## PROMPT
What is needed is an exact copy of the records below, minus any pictures.

Saved data entries

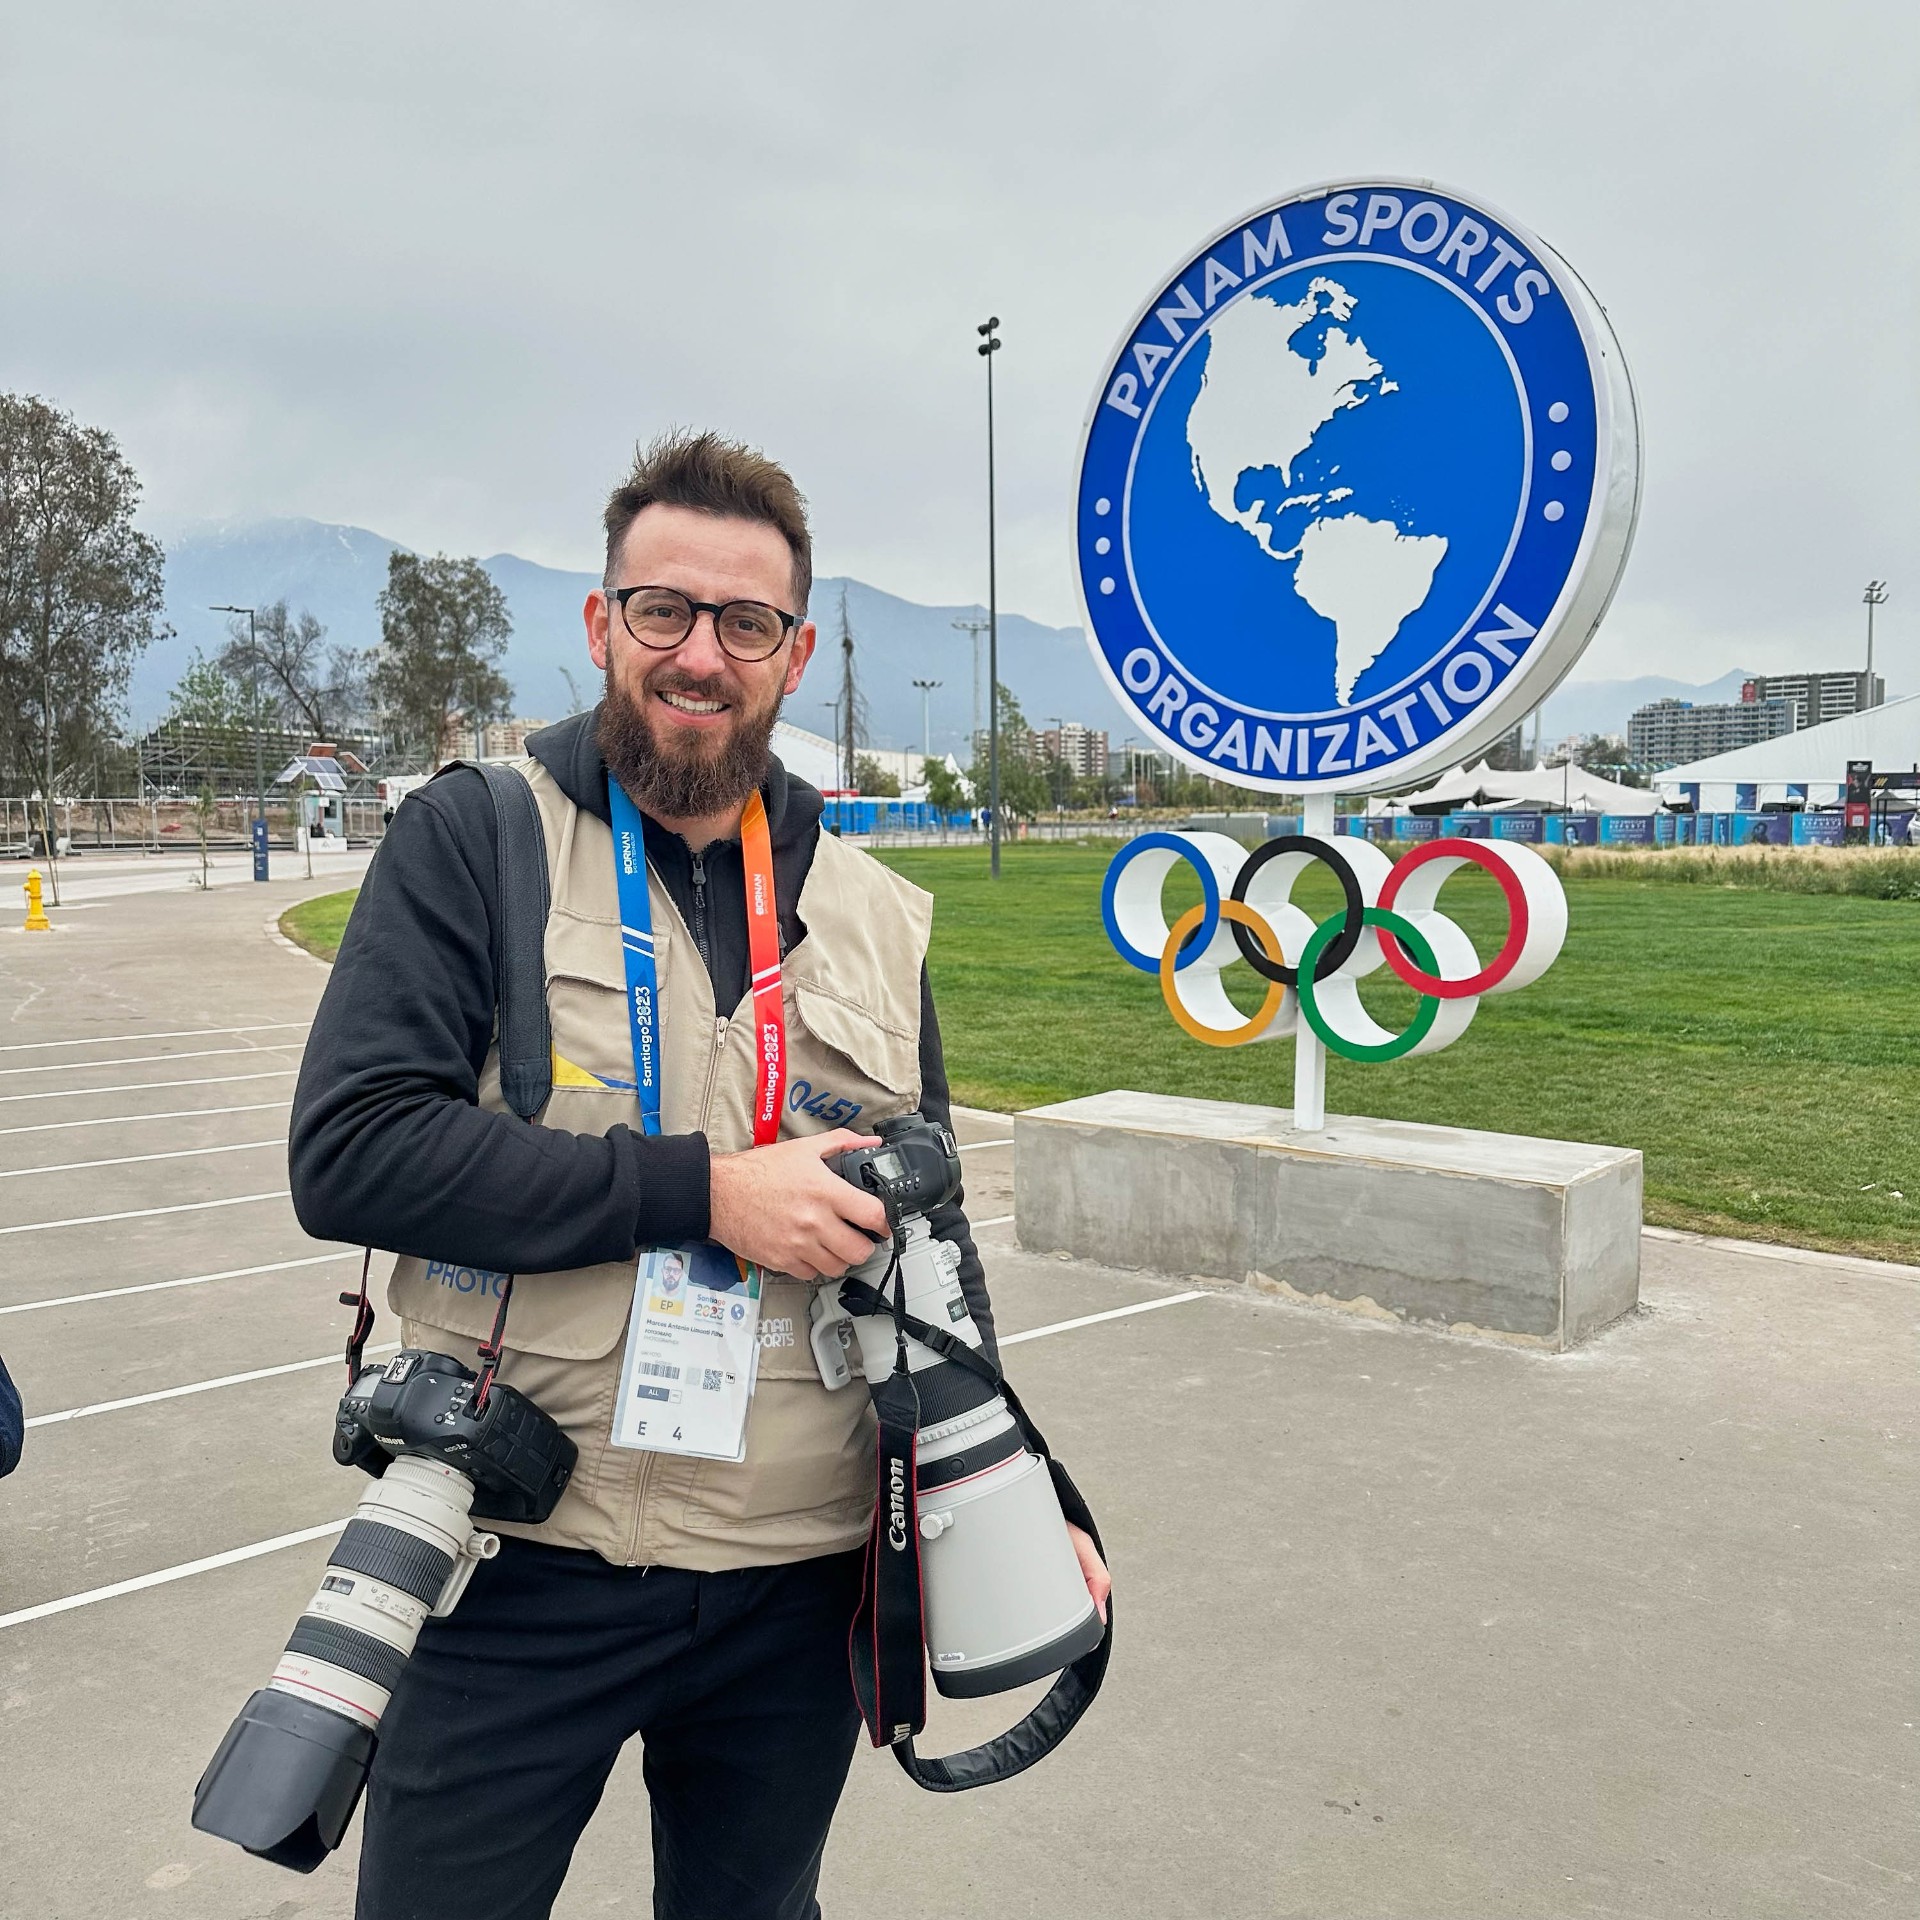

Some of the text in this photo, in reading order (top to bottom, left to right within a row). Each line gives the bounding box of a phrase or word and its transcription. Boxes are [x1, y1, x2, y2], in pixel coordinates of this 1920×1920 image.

[1105, 194, 1550, 419] PANAM SPORTS
[1121, 602, 1539, 774] ORGANIZATION
[621, 831, 633, 875] BORNAN
[753, 873, 765, 916] BORNAN
[789, 1080, 863, 1127] 0451
[425, 1260, 513, 1299] PHOTO
[660, 1300, 674, 1310] EP
[694, 1303, 725, 1320] 2023
[696, 1294, 726, 1306] Santiago
[757, 1317, 793, 1333] ANAM
[648, 1388, 659, 1396] ALL
[374, 1434, 406, 1445] Canon
[637, 1421, 683, 1441] E 4
[889, 1457, 907, 1551] Canon
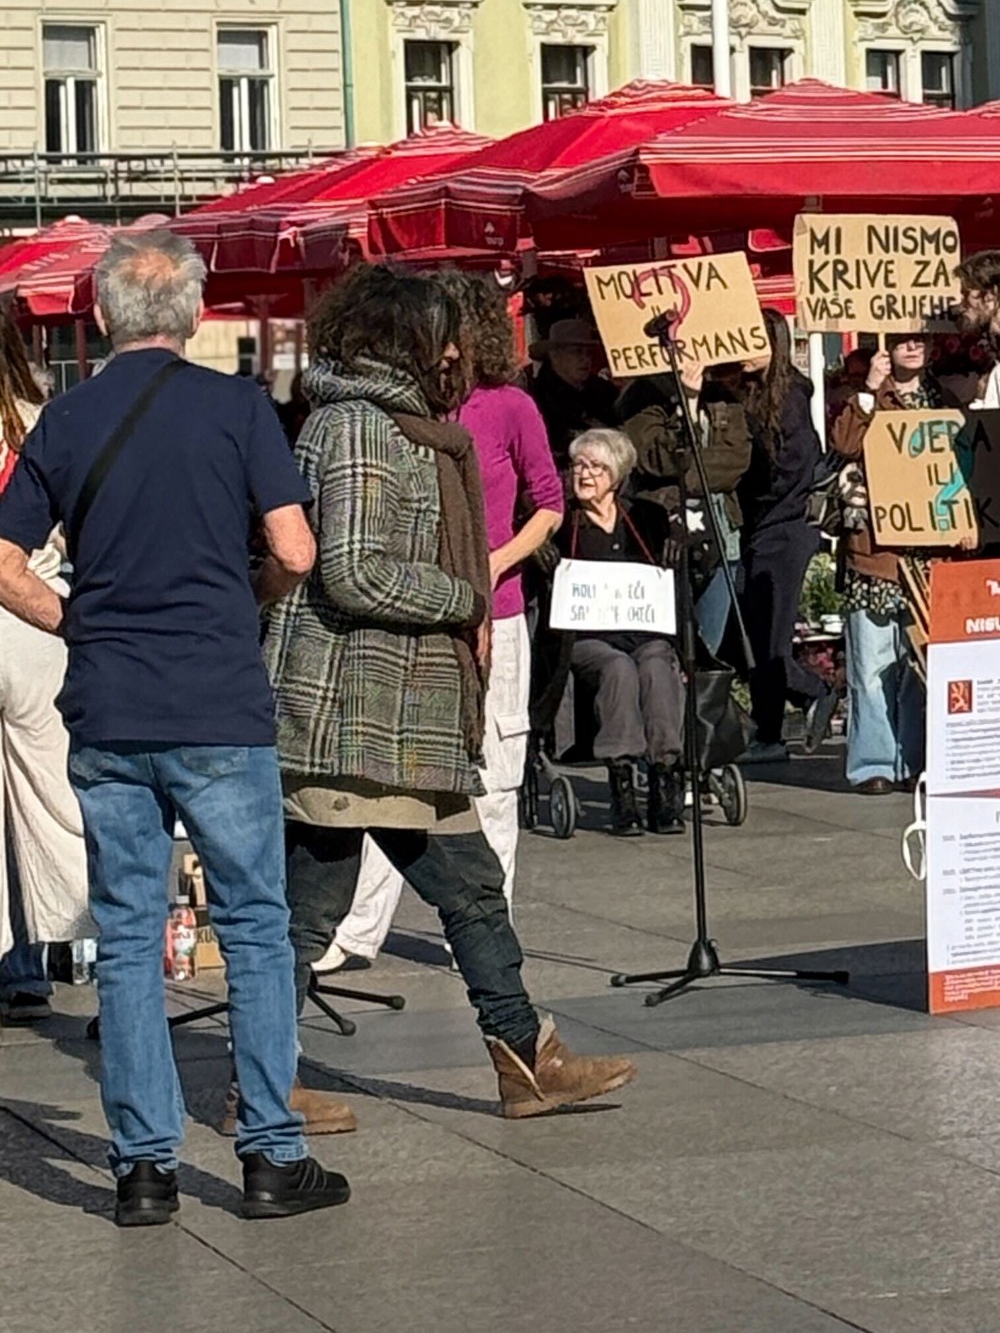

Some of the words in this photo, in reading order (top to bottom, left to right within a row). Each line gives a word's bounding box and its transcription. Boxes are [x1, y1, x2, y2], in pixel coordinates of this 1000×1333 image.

[809, 225, 842, 256] MI
[867, 224, 959, 256] NISMO
[595, 261, 728, 301] MOLITVA
[808, 258, 898, 295] KRIVE
[910, 258, 952, 288] ZA
[805, 290, 857, 322] VAŠE
[869, 293, 959, 322] GRIJEHE
[610, 326, 768, 371] PERFORMANS
[886, 419, 992, 455] VJERA
[926, 461, 956, 487] ILI

## WRITTEN SOLUTION
Some of the text in this photo, in reading order (top to bottom, left to right within a row). Each line gives the bounding box of a phrase or word and its transcription. Boxes are [x1, y1, x2, y2], in pixel coordinates of this 1920×1920 image.

[1105, 194, 1550, 419] PANAM SPORTS
[1121, 602, 1539, 774] ORGANIZATION
[621, 831, 633, 875] BORNAN
[753, 873, 765, 916] BORNAN
[789, 1080, 863, 1127] 0451
[425, 1260, 513, 1299] PHOTO
[660, 1300, 674, 1310] EP
[694, 1303, 725, 1320] 2023
[696, 1294, 726, 1306] Santiago
[757, 1317, 793, 1333] ANAM
[648, 1388, 659, 1396] ALL
[374, 1434, 406, 1445] Canon
[637, 1421, 683, 1441] E 4
[889, 1457, 907, 1551] Canon

Some of the words in this photo, in reading order (top to bottom, left to right within a row). Each line gives a word's bounding box and its transcription. Boxes are [x1, y1, x2, y2], in pixel coordinates of this 1000×1333 image.

[809, 225, 842, 256] MI
[867, 224, 959, 256] NISMO
[595, 261, 728, 301] MOLITVA
[808, 258, 898, 295] KRIVE
[910, 258, 952, 288] ZA
[805, 290, 857, 322] VAŠE
[869, 293, 959, 322] GRIJEHE
[610, 326, 768, 371] PERFORMANS
[886, 419, 992, 455] VJERA
[926, 461, 956, 487] ILI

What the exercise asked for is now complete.